# WHAT THE TASK ASKS:
Print out each entry below exactly; do not carry over any image.

# DATASET RECORDS:
________
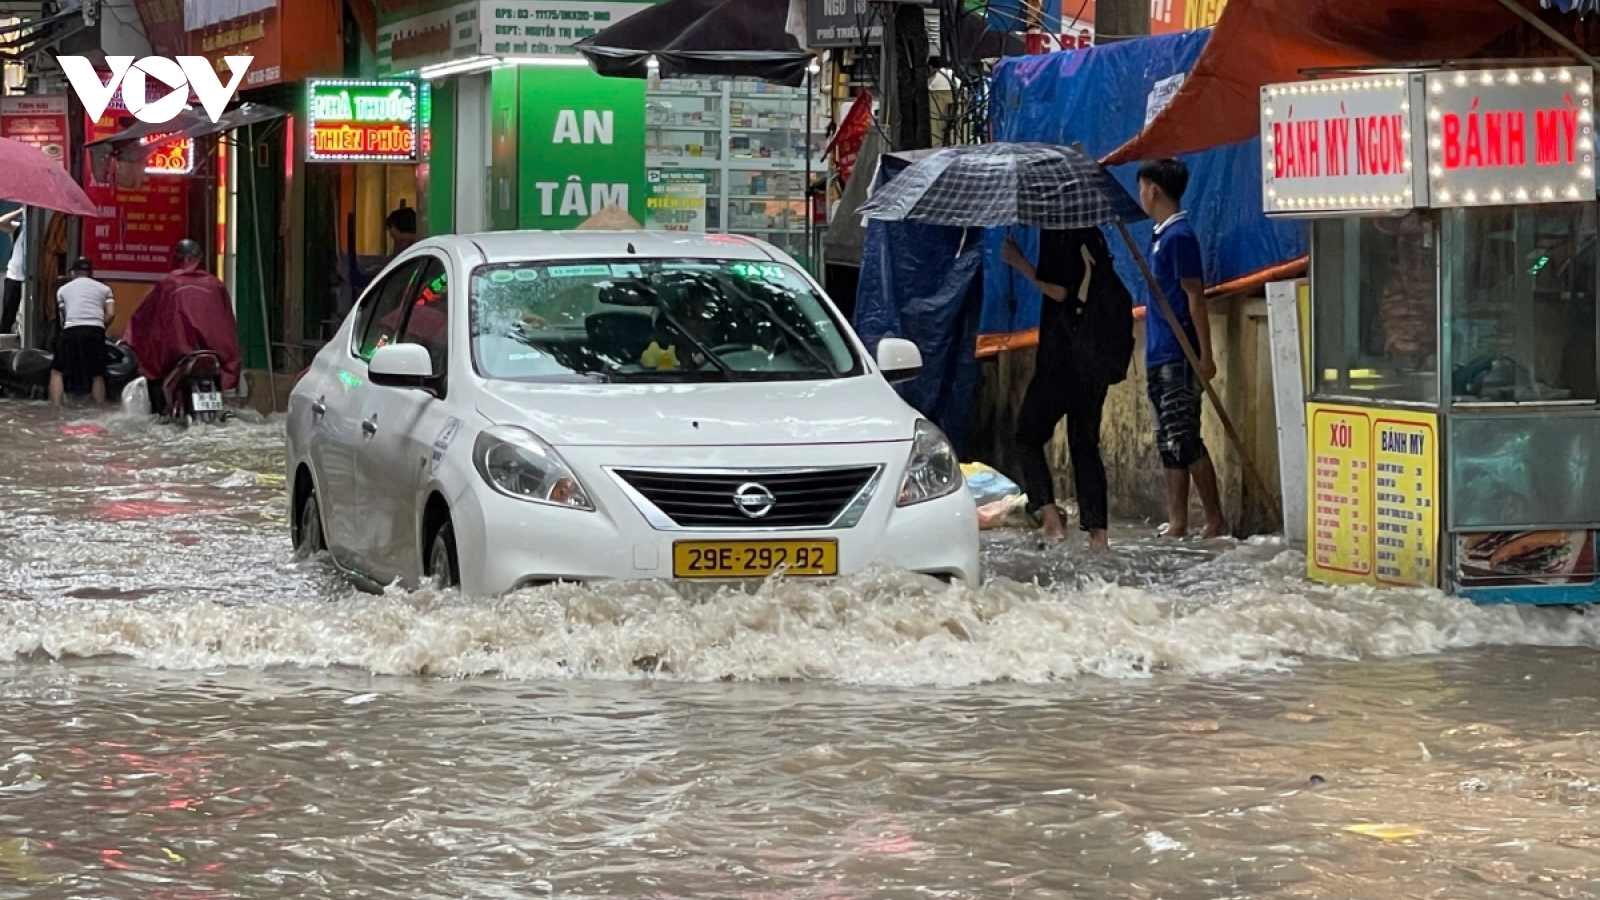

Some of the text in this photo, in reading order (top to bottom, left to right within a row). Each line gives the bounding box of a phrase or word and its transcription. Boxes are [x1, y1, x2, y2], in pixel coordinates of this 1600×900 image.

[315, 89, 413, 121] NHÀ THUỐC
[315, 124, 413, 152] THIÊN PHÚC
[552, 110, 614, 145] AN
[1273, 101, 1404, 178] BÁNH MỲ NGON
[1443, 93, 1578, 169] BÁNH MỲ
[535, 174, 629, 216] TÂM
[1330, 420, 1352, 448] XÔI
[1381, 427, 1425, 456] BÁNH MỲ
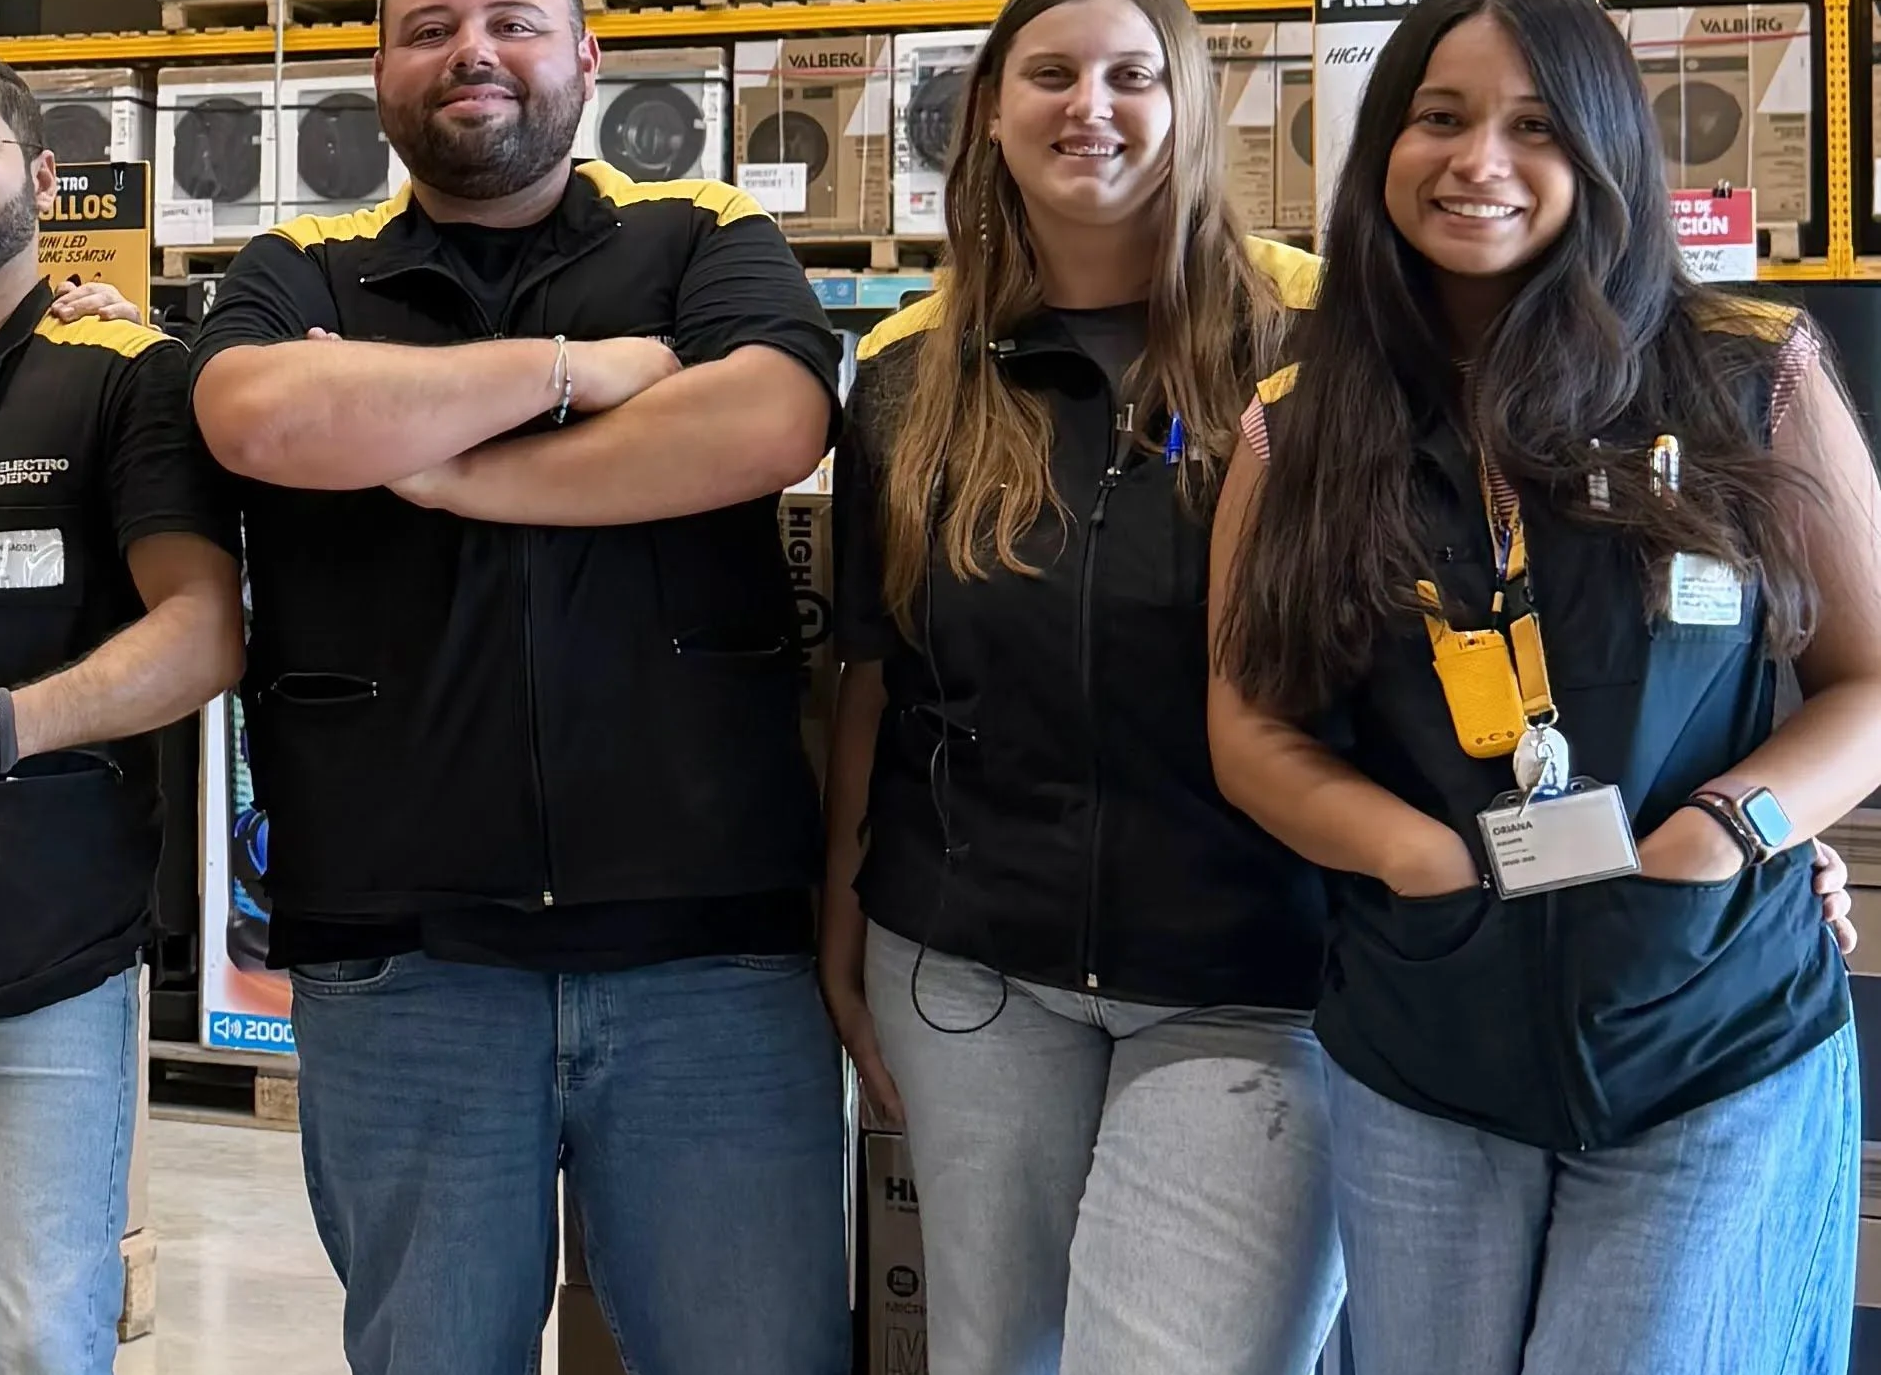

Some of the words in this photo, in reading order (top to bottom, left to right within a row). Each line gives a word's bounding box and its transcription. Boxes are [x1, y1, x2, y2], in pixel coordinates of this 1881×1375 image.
________
# ANSWER TO THE EXERCISE:
Some of the text in this photo, in reading order (top to bottom, left to right within a row). Each line gives the bounding box of a phrase or word and its transcription. Boxes are [x1, y1, x2, y2], in pixel coordinates of this 1600×900 image.

[315, 89, 413, 121] NHÀ THUỐC
[315, 124, 413, 152] THIÊN PHÚC
[552, 110, 614, 145] AN
[1273, 101, 1404, 178] BÁNH MỲ NGON
[1443, 93, 1578, 169] BÁNH MỲ
[535, 174, 629, 216] TÂM
[1330, 420, 1352, 448] XÔI
[1381, 427, 1425, 456] BÁNH MỲ

Some of the words in this photo, in reading order (top to bottom, left to right within a row). Each line gives a word's bounding box and its transcription. Boxes are [x1, y1, x2, y2], in pixel coordinates of this 1881×1375 image.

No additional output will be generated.